🤖 AI Summary
This work addresses the lack of standardized evaluation for minute-long audio-visual generation under diverse multimodal conditions such as text, image, and video prompts—a gap left by existing benchmarks that focus primarily on short clips. To bridge this, we introduce LongAV-Compass, the first systematic benchmark for evaluating long-form multimodal audio-visual synthesis, encompassing Text-to-AudioVisual (T2AV), Image-to-AudioVisual (I2AV), and Video-to-AudioVisual (V2AV) tasks. We construct a categorically organized test set and devise a fine-grained evaluation framework spanning over twenty dimensions, including intra-segment quality, inter-segment consistency, global narrative coherence, and audio-visual synchronization. Leveraging multimodal models such as MLLMs, DINO-v2, ArcFace, CLIP, and ImageBind, we establish a comprehensive assessment pipeline integrating semantic, identity, visual, and acoustic features. Experiments across eleven state-of-the-art models, validated by human evaluation, demonstrate the benchmark’s efficacy and expose critical limitations in current methods regarding temporal consistency and cross-modal alignment over extended durations.
📝 Abstract
Audio-visual generation is rapidly advancing from short clips to minute-long content, while existing evaluation protocols remain largely confined to short-form settings. Existing benchmarks primarily focus on 5--10 second text-conditioned generation and rarely support unified evaluation across text, image, and video conditioning modalities. Moreover, they provide limited insight into how identity consistency, narrative coherence, and audio-visual alignment degrade over extended temporal horizons. To bridge this gap, we introduce LongAV-Compass, a systematic benchmark for minute-long audio-visual generation.

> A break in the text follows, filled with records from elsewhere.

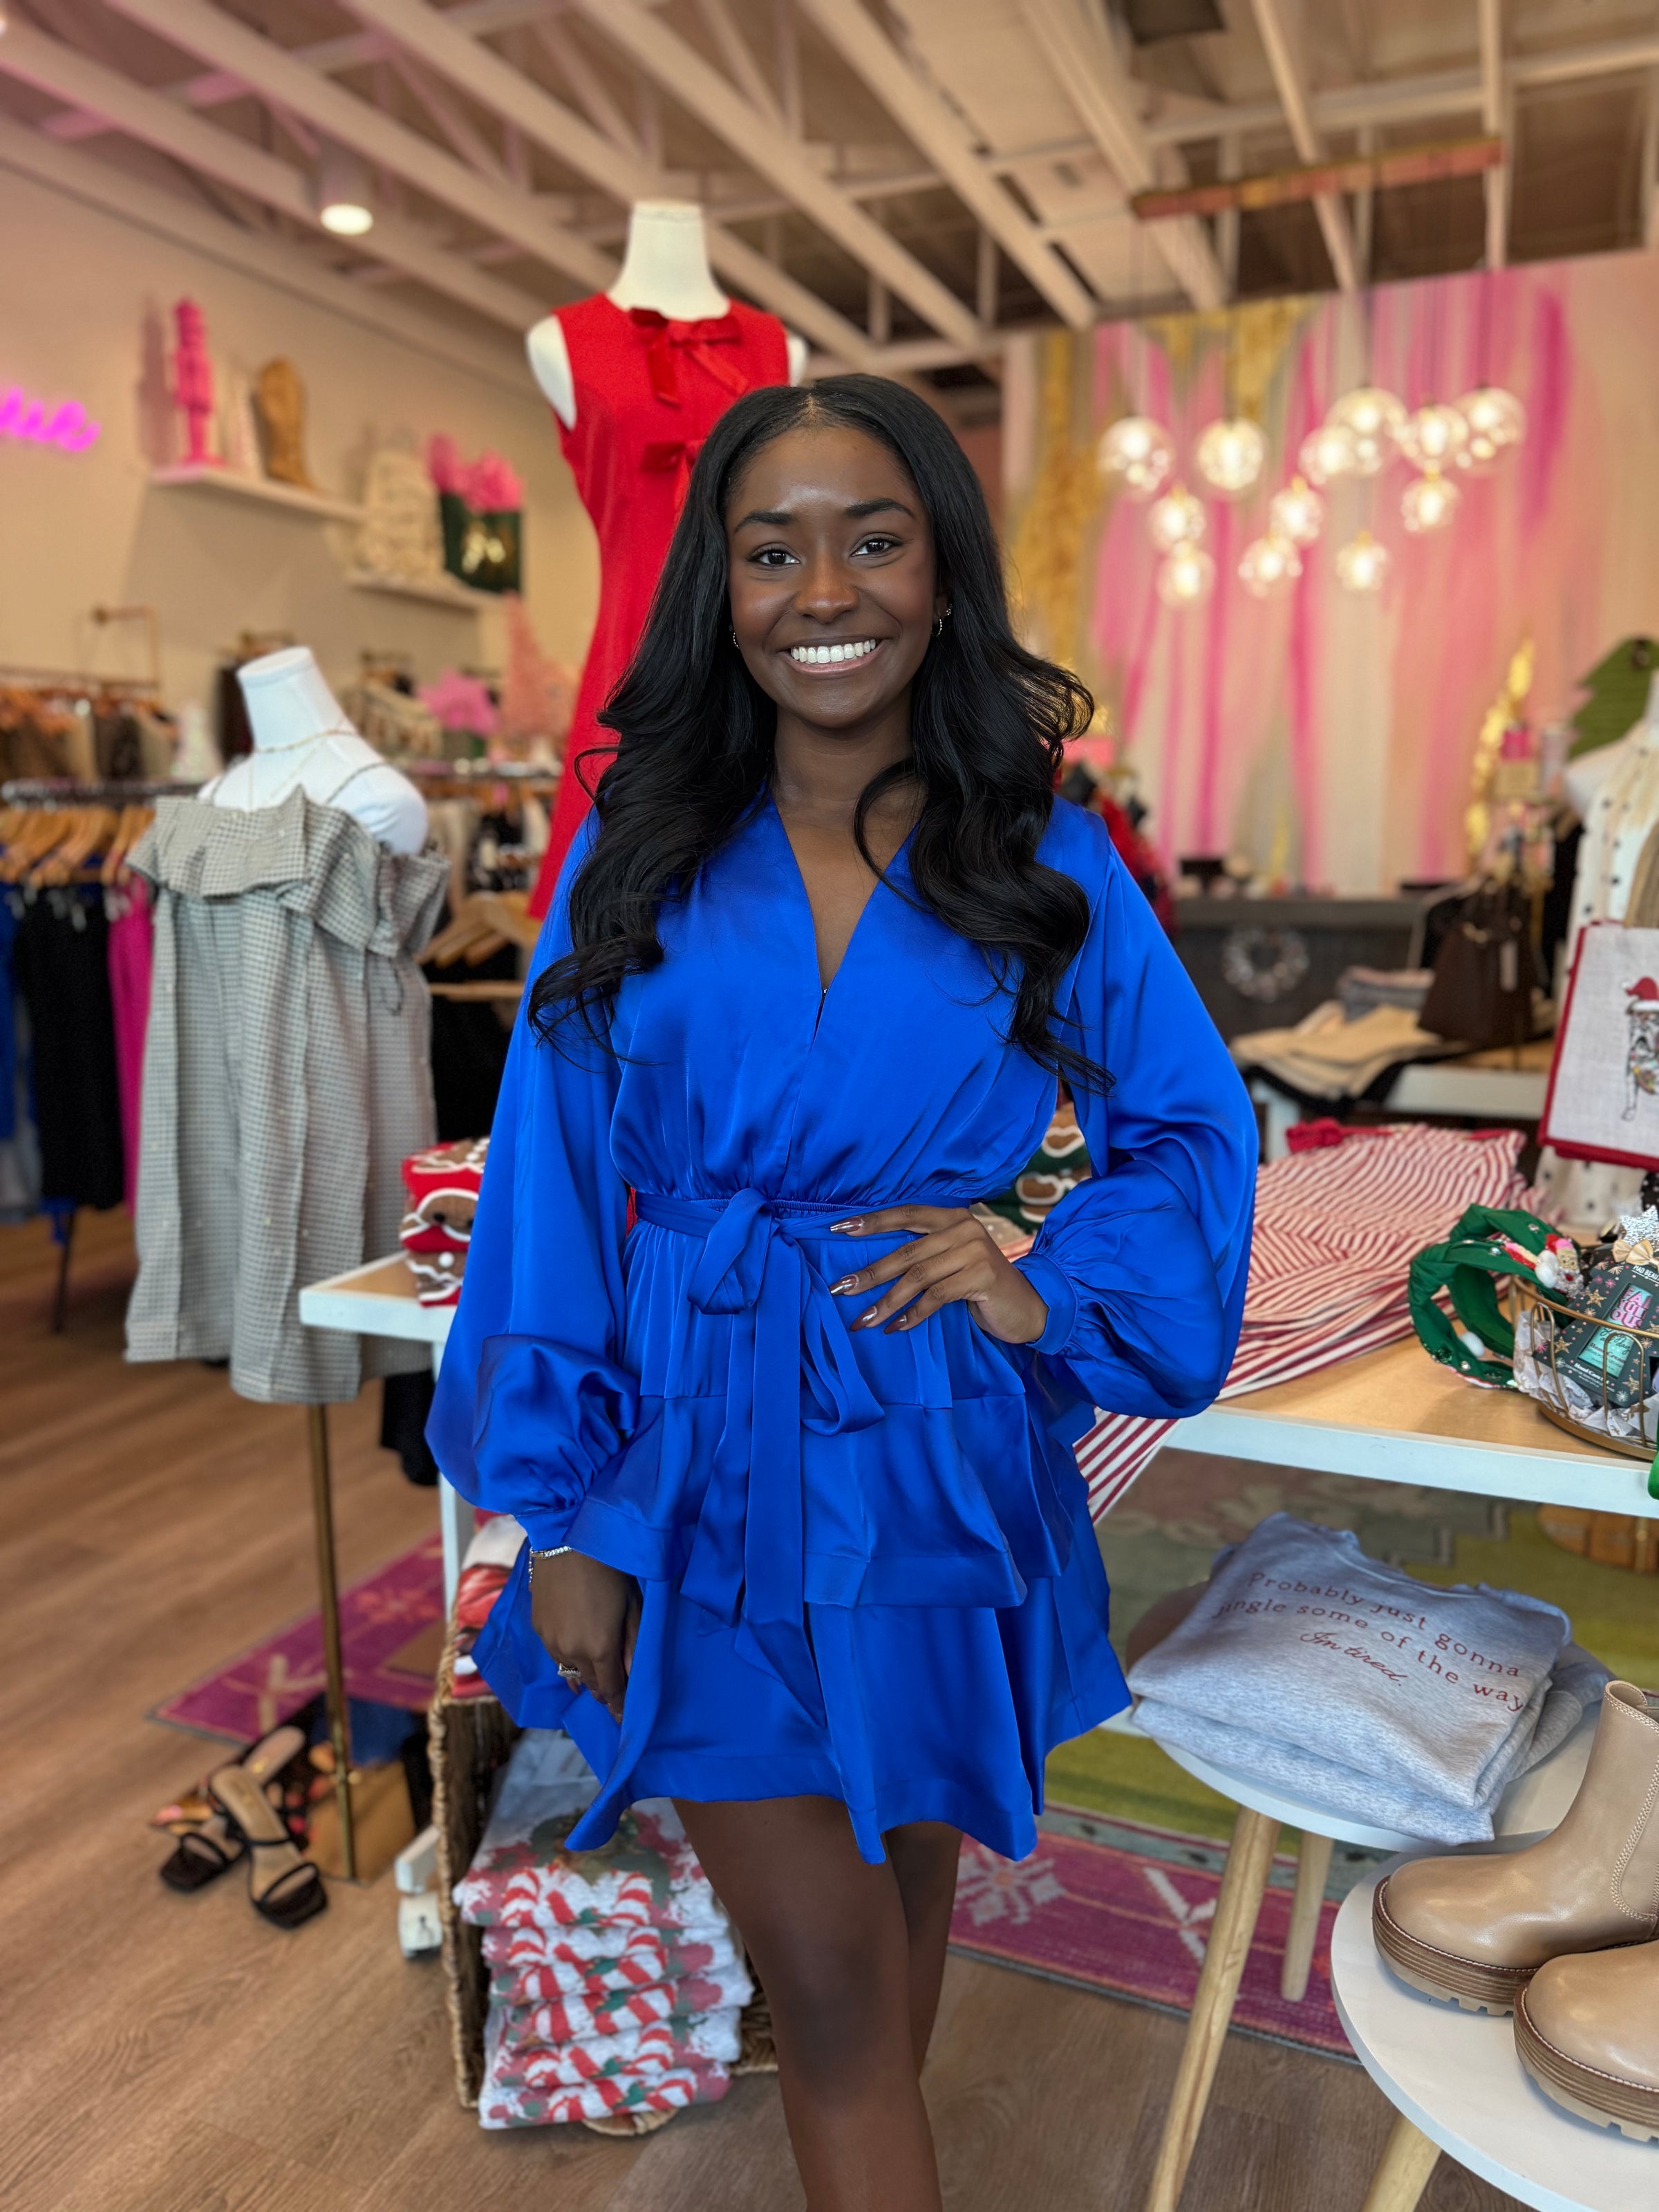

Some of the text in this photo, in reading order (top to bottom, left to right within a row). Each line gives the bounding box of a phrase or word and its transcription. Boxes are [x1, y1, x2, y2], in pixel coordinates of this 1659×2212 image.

[1633, 1265, 1659, 1282] MAD BEAU
[1212, 1598, 1524, 1712] jingle some of the way
[1248, 1571, 1519, 1677] Probably just gonna
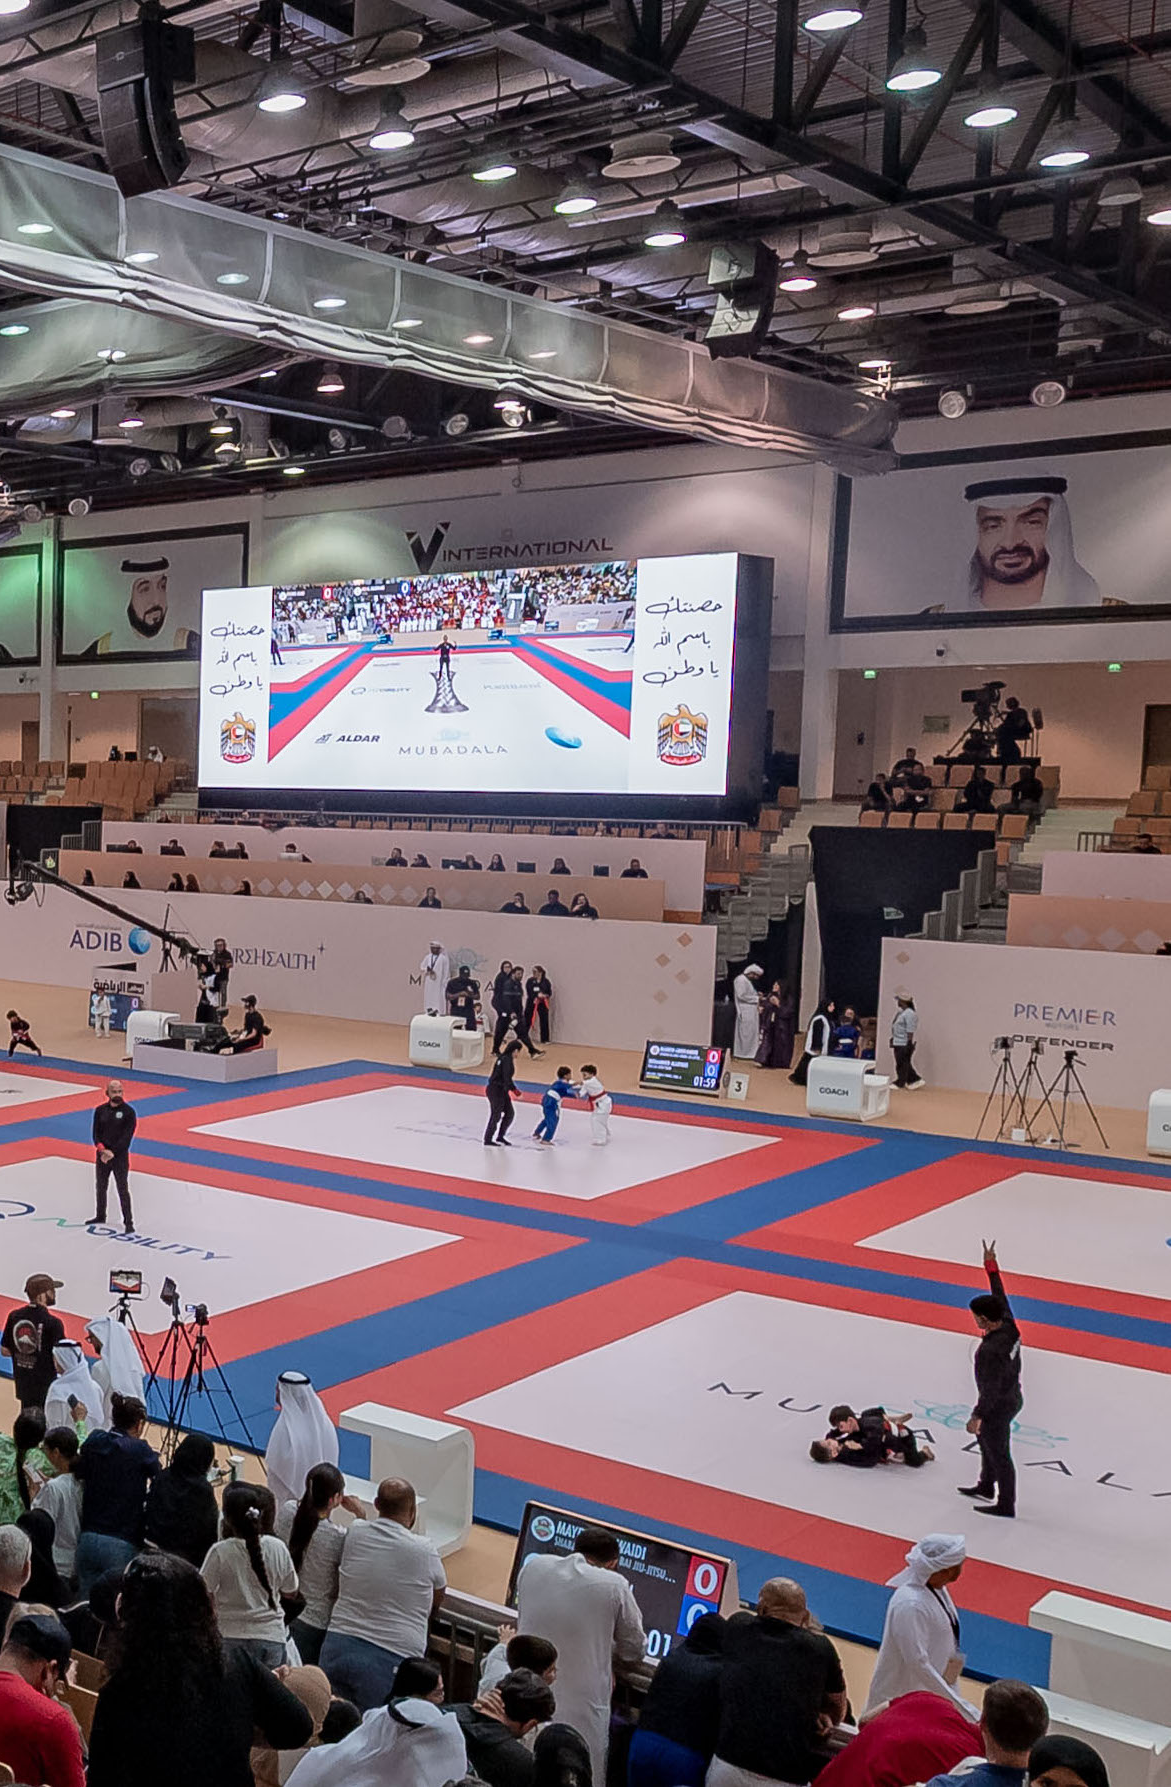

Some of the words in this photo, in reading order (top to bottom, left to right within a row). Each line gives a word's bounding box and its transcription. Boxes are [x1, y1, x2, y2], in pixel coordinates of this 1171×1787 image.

[442, 537, 613, 562] INTERNATIONAL
[652, 626, 671, 650] الله
[336, 734, 381, 744] ALDAR
[398, 744, 509, 757] MUBADALA
[70, 930, 123, 952] ADIB
[1014, 1003, 1116, 1026] PREMIER
[418, 1040, 441, 1049] COACH
[1011, 1034, 1115, 1051] DEFENDER
[710, 1051, 718, 1063] 0
[707, 1064, 716, 1076] 0
[693, 1076, 716, 1088] 01:59
[734, 1081, 743, 1092] 3
[819, 1086, 849, 1096] COACH
[694, 1563, 718, 1596] 0
[646, 1629, 672, 1657] 01
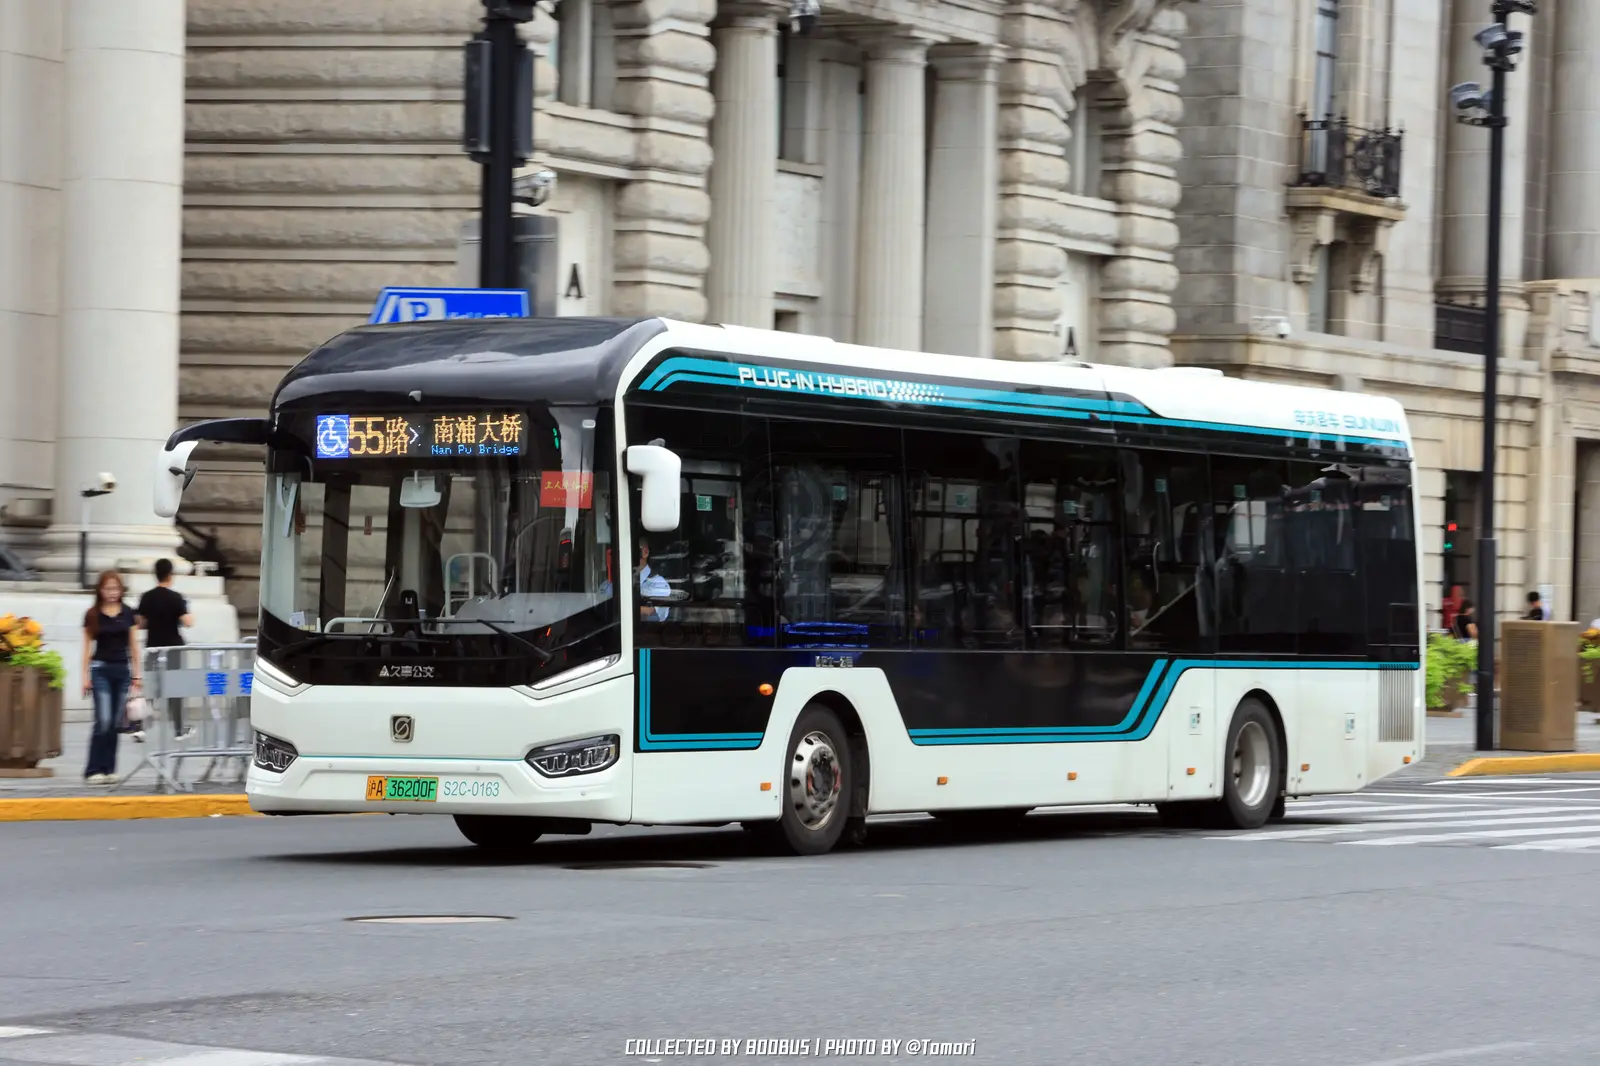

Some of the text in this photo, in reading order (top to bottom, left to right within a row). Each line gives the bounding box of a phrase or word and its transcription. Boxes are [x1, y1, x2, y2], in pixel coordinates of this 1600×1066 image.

[565, 263, 583, 298] A
[738, 367, 888, 398] PLUG-IN HYBRID
[349, 414, 522, 455] 55路 南浦大桥
[431, 445, 520, 456] Nan Pu Bridge
[444, 781, 500, 797] S2C-0163
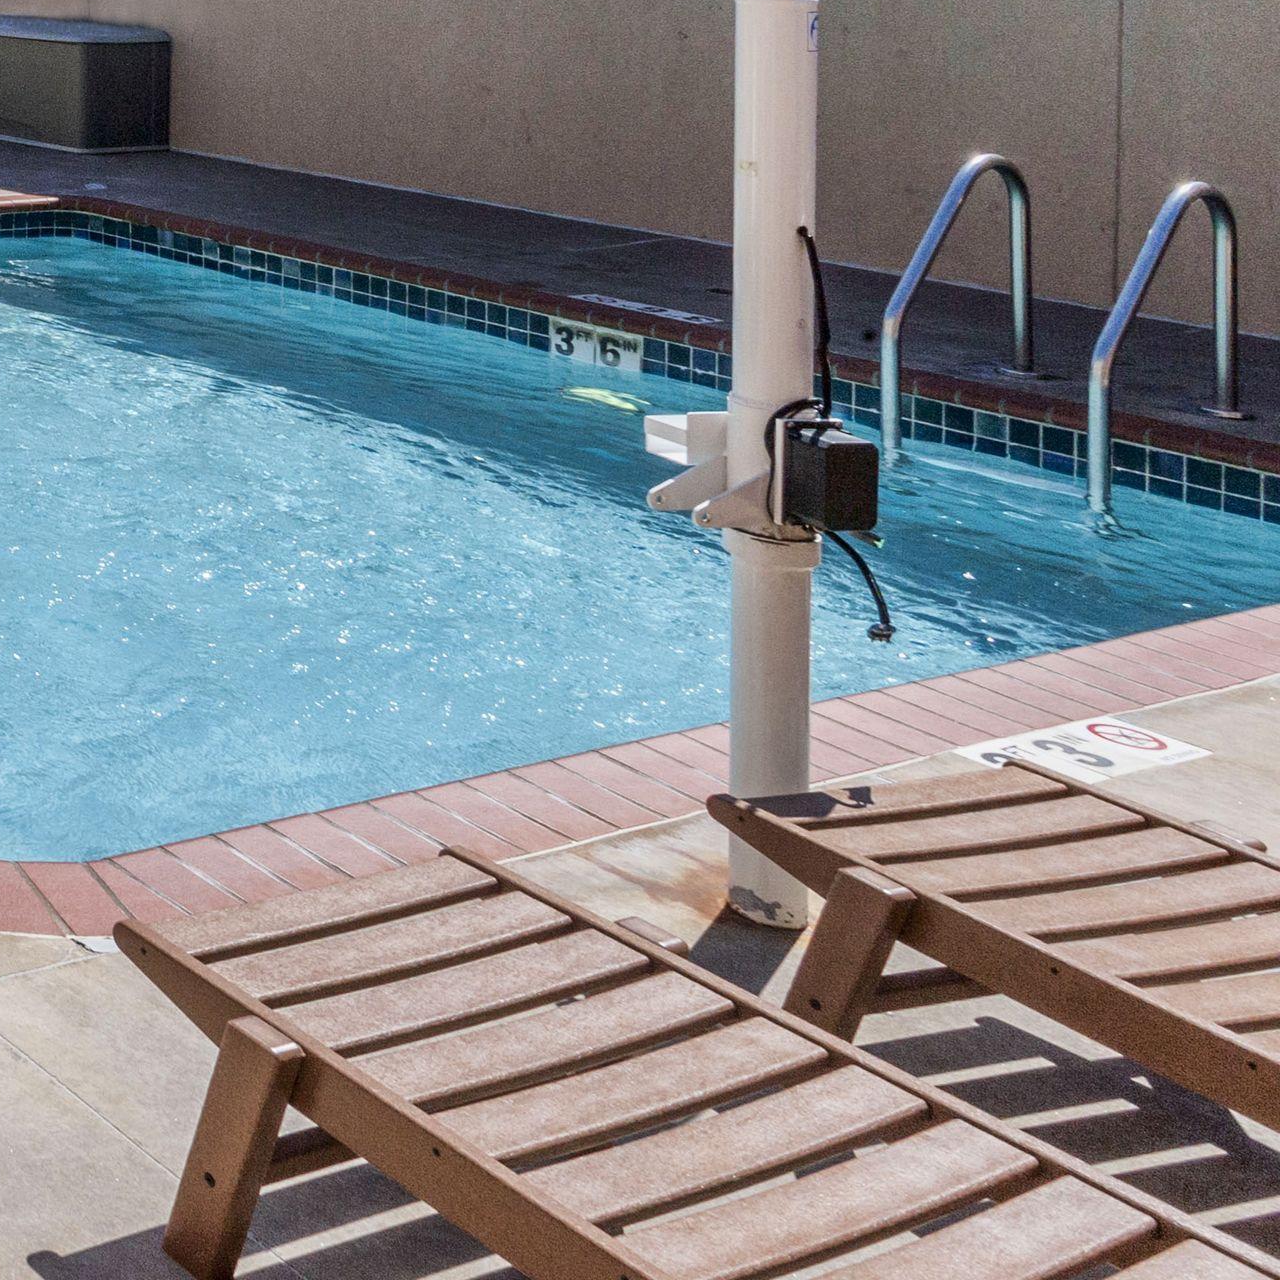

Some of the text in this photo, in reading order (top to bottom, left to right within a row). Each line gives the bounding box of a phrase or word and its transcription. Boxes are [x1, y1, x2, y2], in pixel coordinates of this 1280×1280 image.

LongAV-Compass contains 284 curated test cases spanning text-to-audio-video (T2AV), image-to-audio-video (I2AV), and video-to-audio-video (V2AV), organized by application scenario and generation complexity. The benchmark combines taxonomy-guided benchmark construction with a unified evaluation framework that integrates MLLM-assisted assessment with complementary perceptual and multimodal metrics, including DINO-v2, ArcFace, CLIP, and ImageBind. The framework evaluates more than 20 fine-grained dimensions covering within-segment quality, cross-segment consistency, global narrative coherence, semantic alignment, and audio-visual synchronization. Through experiments on 11 representative models together with human-alignment validation, LongAV-Compass provides a diagnostic testbed for analyzing the limitations of current systems in sustaining coherent, semantically aligned, and temporally consistent minute-scale audio-visual generation across diverse input modalities.